This rent adjustment clause is entirely one-sided in favor of the landlord. In a triple net lease, the tenants pay the property’s operating expenses. And, if your business occupies .02% of the property, you will pay .02% of the operating expenses for that year.

But what happens when the property is only 90% occupied, or 80% or 65%? How much of the operating costs is each tenant obligated to pay?

Since the landlord is not paying the operating costs, the rent adjustment clause allows them to recalculate the amount you owe. The landlord would calculate the expense as if the building was 100% occupied and then factors in “variable components” based on the occupancy of that year. 

If the building is not 100% occupied, your rent is going up. The question of how much depends on how this clause is drafted and the pre-execution negotiations. And today, tenants are in a better negotiating position.

Can Mask Wearing be a Rule of the Lease?

The Rules and Regulation clause in Article 27 is also fairly standard. All commercial properties have rules for their tenants like how the trash is handled, the hours, what type of signage is allowed, and more.

Usually, the landlord is allowed to make any reasonable and non-discriminatory changes they deem necessary.

But with COVID, suddenly, the property owner was forced to interpret a network of rules and guidance. Some states required a preparedness plan. The CDC and other agencies issued ever-changing guidelines about mask-wearing, and more.

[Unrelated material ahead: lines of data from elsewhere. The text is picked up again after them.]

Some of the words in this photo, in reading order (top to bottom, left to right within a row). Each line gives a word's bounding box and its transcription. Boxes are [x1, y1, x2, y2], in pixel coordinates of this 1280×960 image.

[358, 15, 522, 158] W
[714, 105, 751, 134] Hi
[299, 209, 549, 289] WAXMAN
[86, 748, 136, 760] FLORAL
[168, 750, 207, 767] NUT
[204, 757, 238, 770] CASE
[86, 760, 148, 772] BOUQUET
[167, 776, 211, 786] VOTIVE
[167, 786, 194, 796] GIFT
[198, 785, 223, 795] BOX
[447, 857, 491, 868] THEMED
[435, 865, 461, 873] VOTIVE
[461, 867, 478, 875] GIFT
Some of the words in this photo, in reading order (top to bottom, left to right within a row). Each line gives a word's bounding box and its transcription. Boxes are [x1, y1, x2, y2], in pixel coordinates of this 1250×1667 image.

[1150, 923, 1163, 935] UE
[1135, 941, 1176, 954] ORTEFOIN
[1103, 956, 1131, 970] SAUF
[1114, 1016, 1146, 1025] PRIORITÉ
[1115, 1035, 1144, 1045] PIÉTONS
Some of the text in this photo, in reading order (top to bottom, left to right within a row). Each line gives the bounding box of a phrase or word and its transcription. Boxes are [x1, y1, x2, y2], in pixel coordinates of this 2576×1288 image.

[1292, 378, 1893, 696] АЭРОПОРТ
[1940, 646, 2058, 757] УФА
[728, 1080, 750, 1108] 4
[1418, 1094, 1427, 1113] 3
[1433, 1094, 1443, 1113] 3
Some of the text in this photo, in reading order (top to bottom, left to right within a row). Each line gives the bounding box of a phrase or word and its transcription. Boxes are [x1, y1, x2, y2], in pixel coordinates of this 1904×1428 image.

And all of these included proper notification to the tenants, who either did or did not comply.

“You see this in the case law as well, that a failure to abide by the rules and regulations is essentially equivalent to a breach of the lease.”  Mike Carlson

Many property owners updated their rules regularly, but this was different. These rules are essential terms of the agreement. If a tenant violates them, they are most likely in breach of the lease.

The Big Picture – Lease Drafting Lessons

Standardize: One of the biggest challenges in drafting a commercial lease for your client is standardization, especially if the landlord plans to scale the business. You can draft accordingly if you know what areas will most likely be negotiated and why.

Automation: Contract automation is partially here and growing every day. You can use many low-coding and no-coding contract automation software programs to automate part of the lease process.

One significant benefit is you can embed the calculations into the automation and avoid the mistakes often made with hand calculations. You can manually make changes, but the default setting will do the automatic calculations for you.

Force Majeure Clause: Even if industry standards show you that force majeure clauses may not be vital, your client will most likely want them because of their tenants’ fears. Be mindful of “ejudsem generis” and draft accordingly.

“It's a consumer-facing product and we can't ignore that, and we want to make everyone comfortable.”  Mike Carlson

Speed Up: As a contract drafting lawyer, it’s important to think about how you can speed up the contracting process for your client.

Leases have not changed much, but how we use them has. Today there is more negotiating, and much of the power has shifted to the tenants. Remember that a lease is a consumer-facing document, and you are drafting for two audiences – your client and their tenants.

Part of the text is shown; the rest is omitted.